The planned merger between DraftKings and FanDuel has been abandoned, the two DFS operators announced Thursday evening.
The tie-up, first announced last November, had been on shaky ground ever since the Federal Trade Commission filed a suit to block it last month.
Both companies said the move was in the best interests of their customers and shareholders, with the firms facing a lengthy court battle against the FTC.
FanDuel CEO Nigel Eccles said: “FanDuel decided to merge with DraftKings last November, because we believed that this deal would have increased investment in growth and product development thereby benefiting consumers and the greater sports entertainment industry.
“While our opinion has not changed, we have determined that it is in the best interest of our shareholders, customers, employees, and partners to terminate the merger agreement and move forward as an independent company.”
Eccles said there was still “enormous, untapped market opportunity for FanDuel,” and the company would continue to grow and expand the fantasy sports industry.
DraftKings CEO Jason Robins added: “Over the past few years, DraftKings has become the world’s leading fantasy sports company.
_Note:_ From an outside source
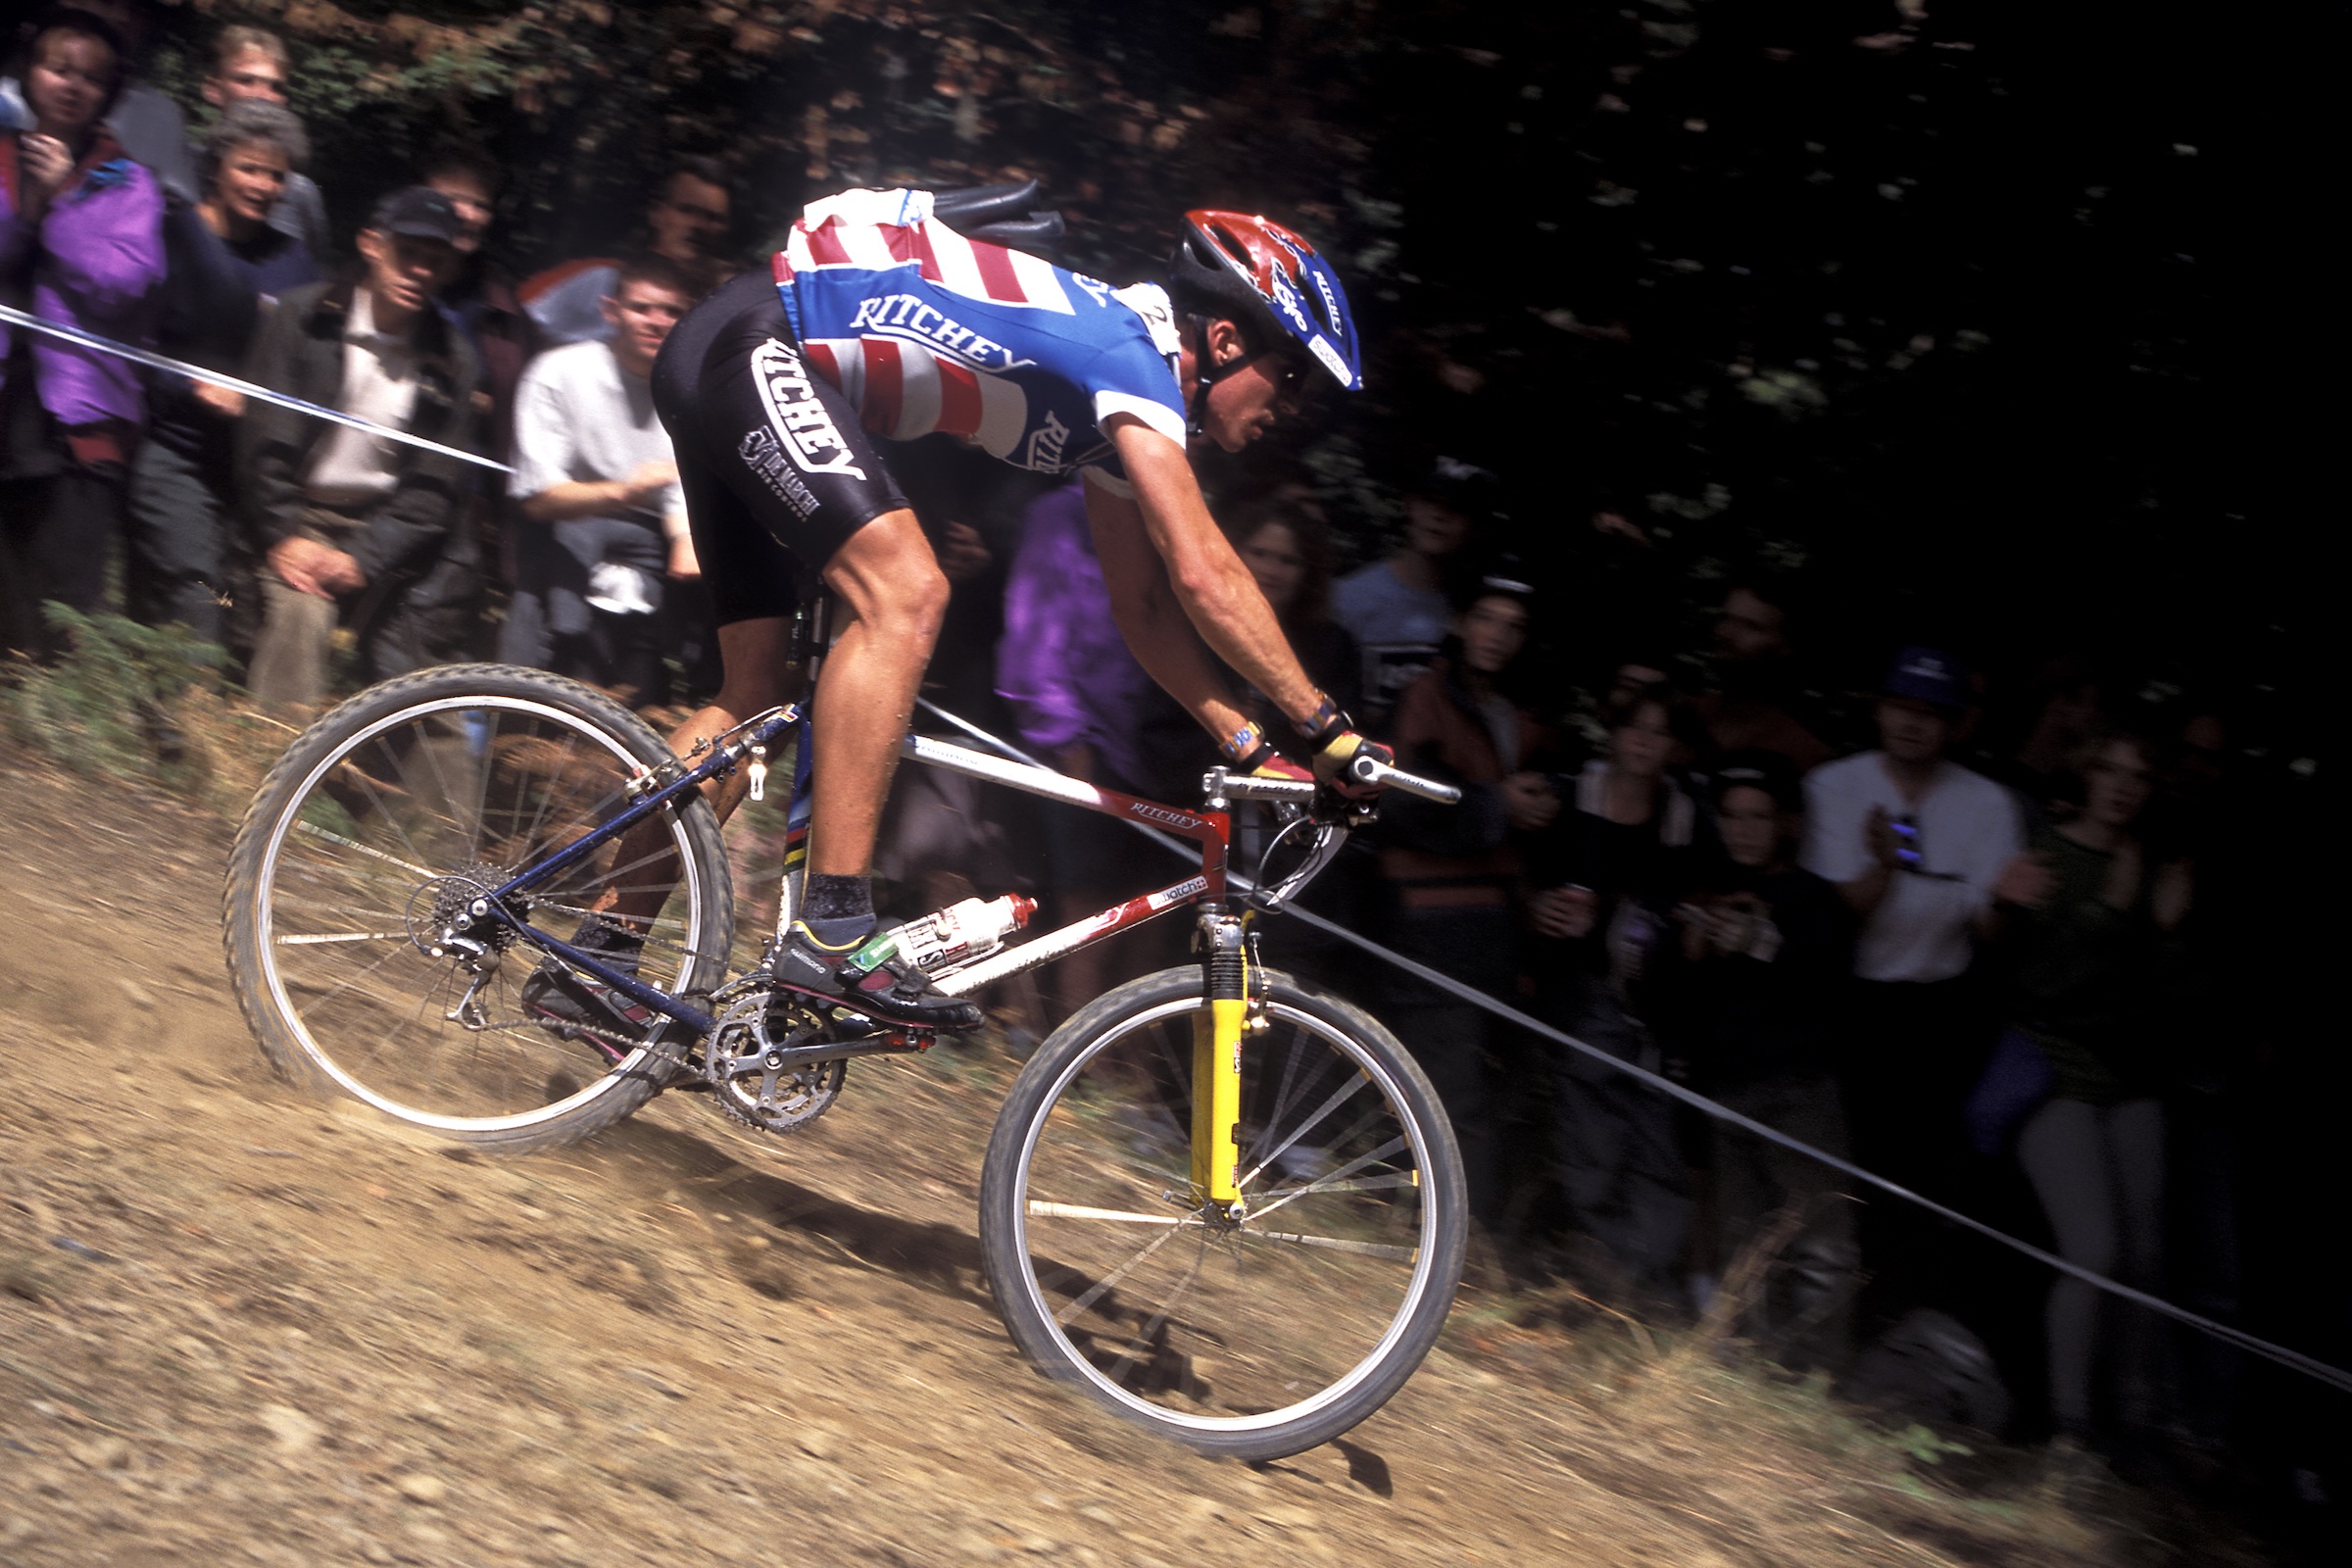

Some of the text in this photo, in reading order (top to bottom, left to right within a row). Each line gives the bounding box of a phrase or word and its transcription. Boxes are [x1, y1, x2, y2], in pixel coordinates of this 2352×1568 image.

We are recognised as a global sports entertainment brand and the industry leader in utilising technology to bring our customers the best fantasy contests and products.
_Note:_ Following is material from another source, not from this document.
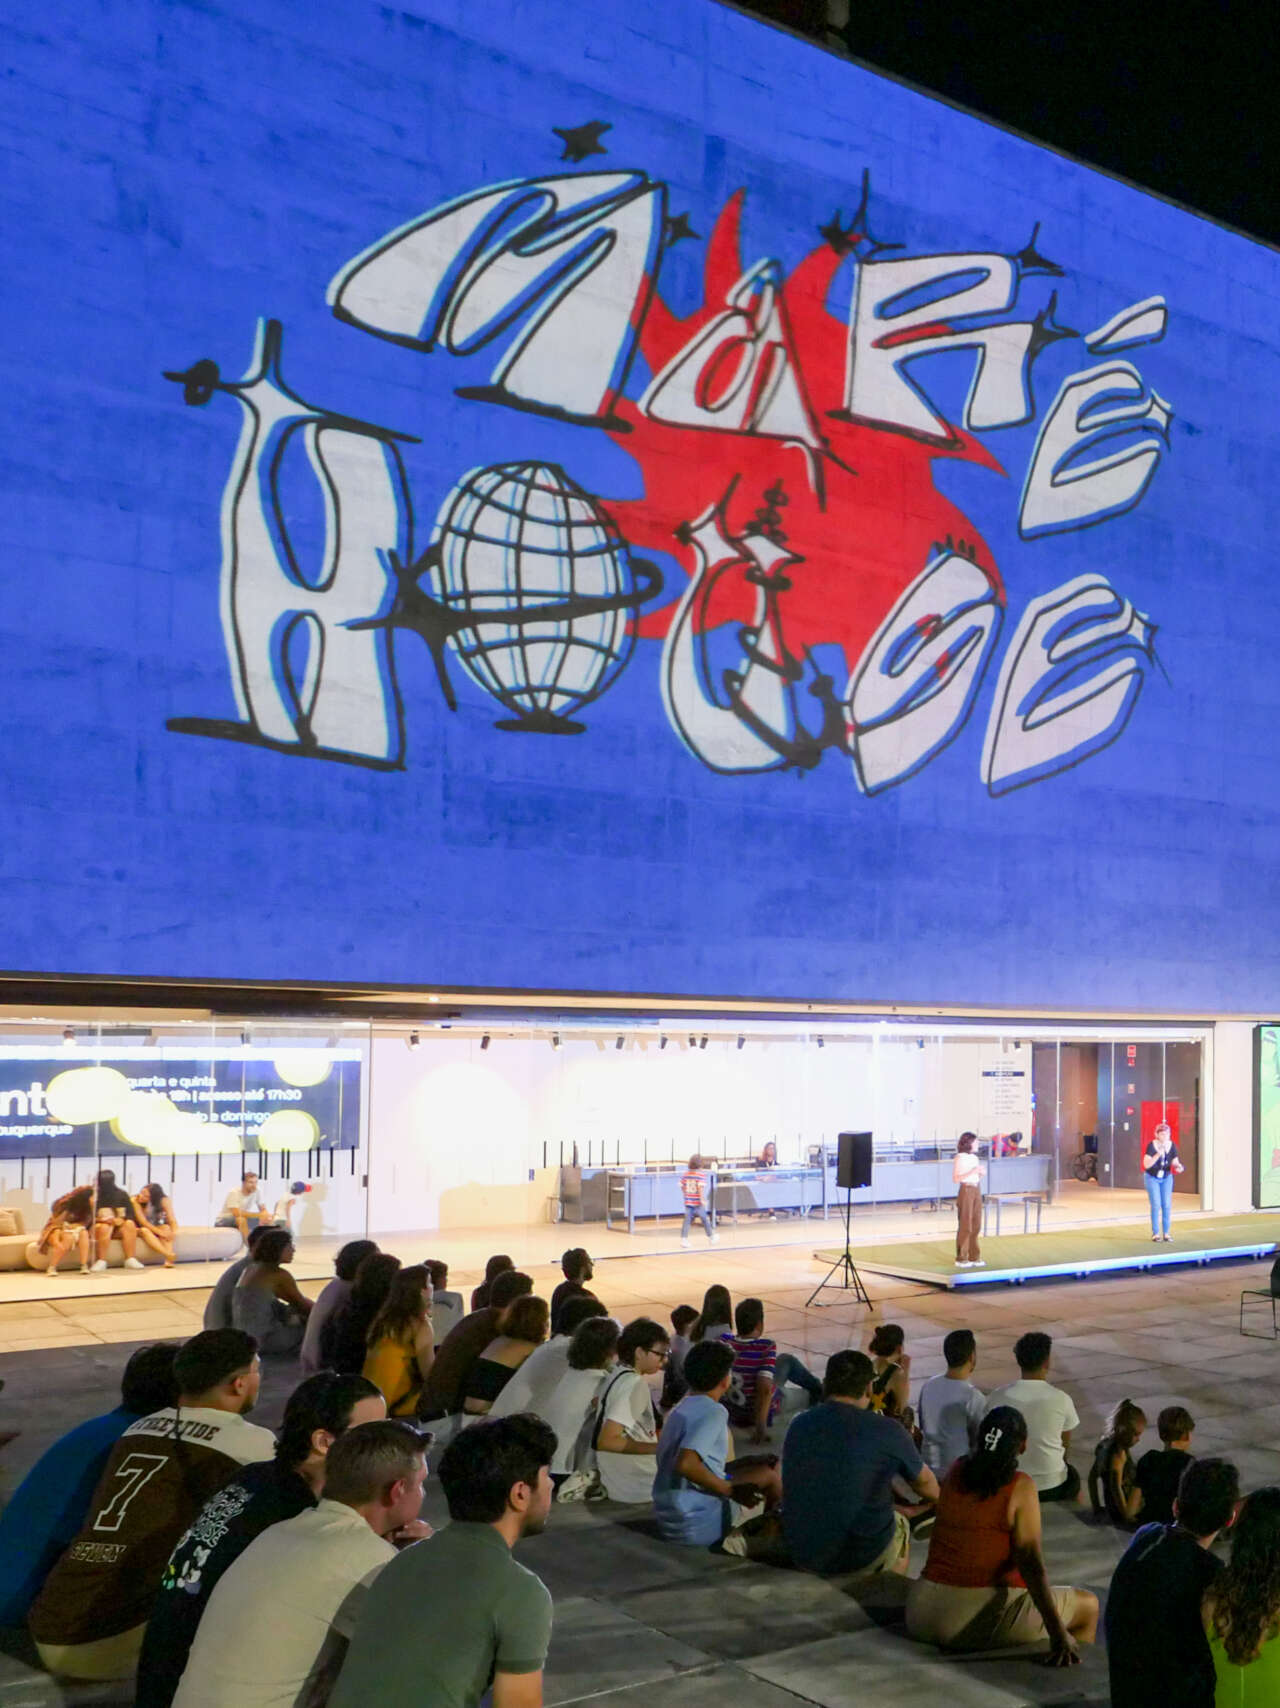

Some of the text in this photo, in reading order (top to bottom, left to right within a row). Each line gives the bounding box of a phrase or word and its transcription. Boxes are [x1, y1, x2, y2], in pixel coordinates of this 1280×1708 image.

[179, 1076, 217, 1089] quinta
[266, 1088, 302, 1101] 17h30
[221, 1111, 272, 1124] domingo
[93, 1453, 169, 1531] 7
“We have a growing customer base of nearly eight million, our revenue is growing over 30% year-over-year, and we are only just beginning to take our product overseas to the billions of international sports fans we have yet to even reach.
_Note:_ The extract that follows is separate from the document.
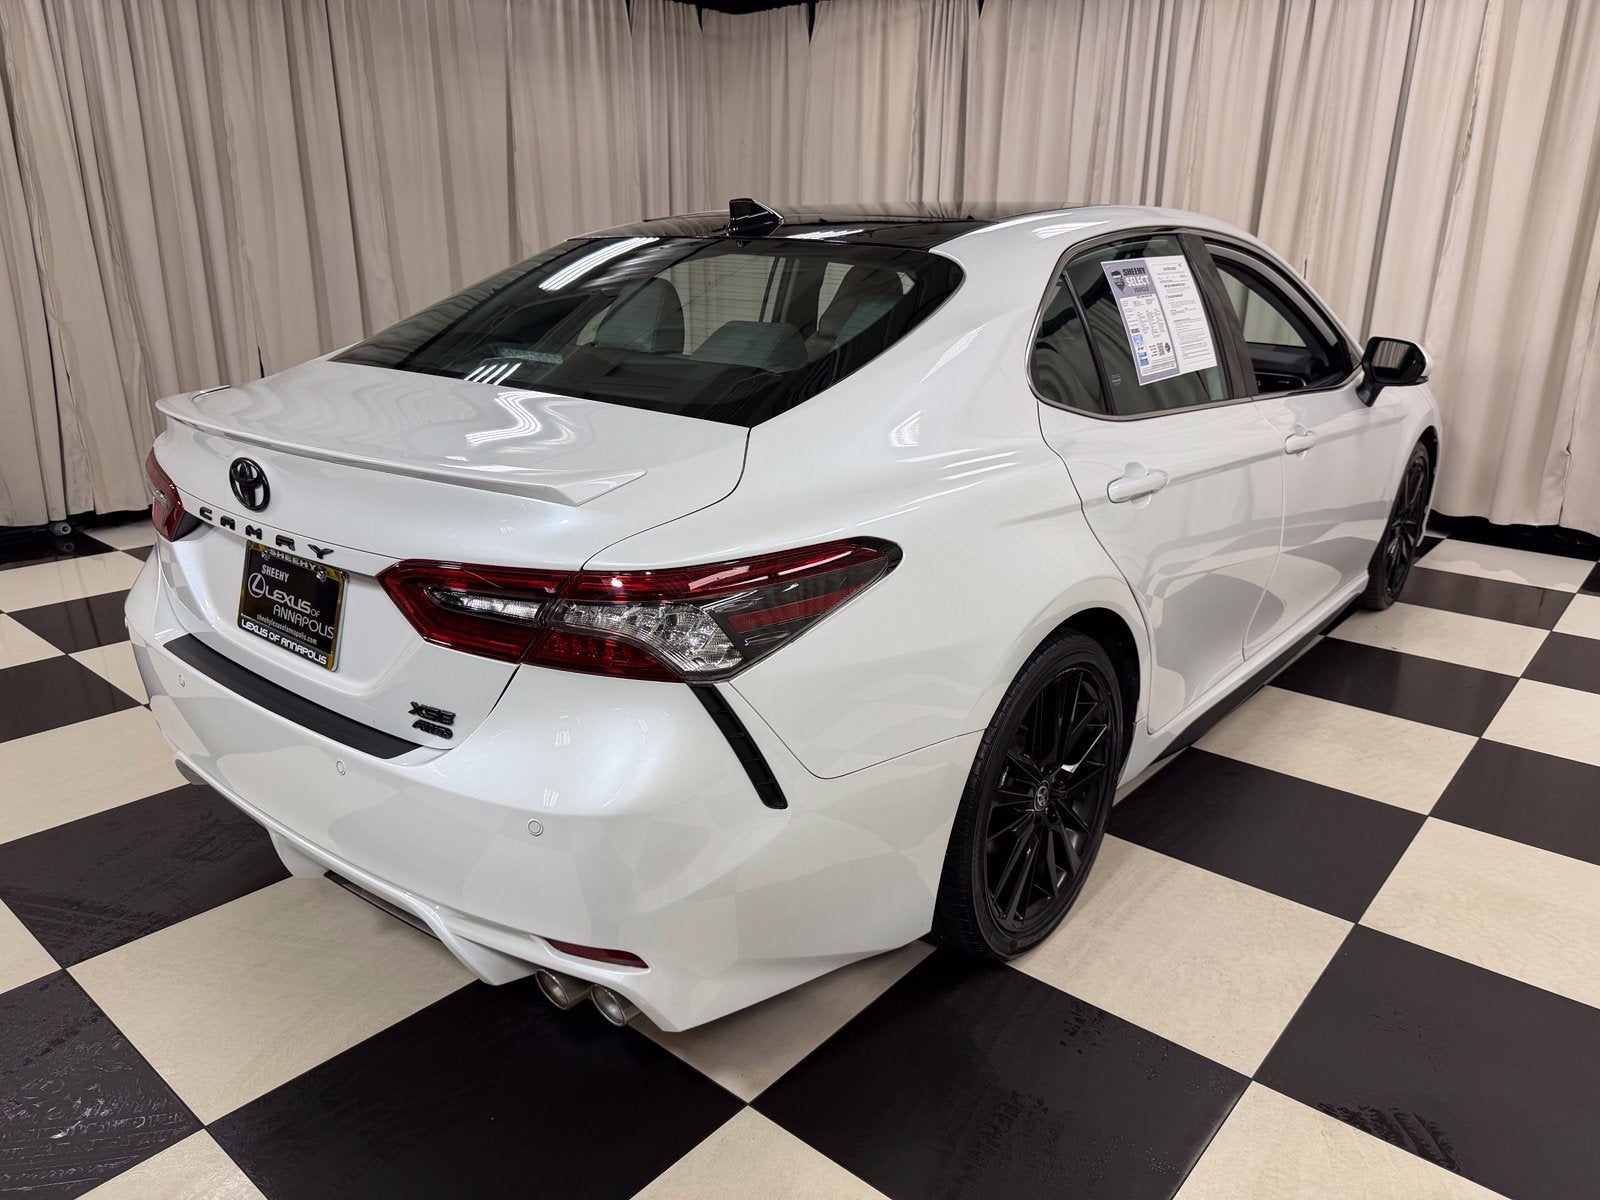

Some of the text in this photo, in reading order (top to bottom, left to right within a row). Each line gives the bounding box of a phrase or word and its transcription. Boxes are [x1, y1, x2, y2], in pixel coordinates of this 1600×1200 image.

“Consequently, we believe it is in the best interests of our customers, employees, and investors to terminate our agreement to merge with FanDuel and move forward as a separate company.”
Rachel Hirsch, an attorney for Ifrah Law, told ESPN the timing of the announcement suggested there was more behind the decision than cost savings.
“Perhaps these companies were worried about the information that would be revealed at the [preliminary injunction] hearing and how that would tarnish their brands,” she said. “Win or lose, at the end of the day, image is everything to these companies, and they couldn’t afford adverse witnesses or data that could permanently impair their chances of recovering from a failed merger.”
The FTC said the decision was a “clear win” for American consumers.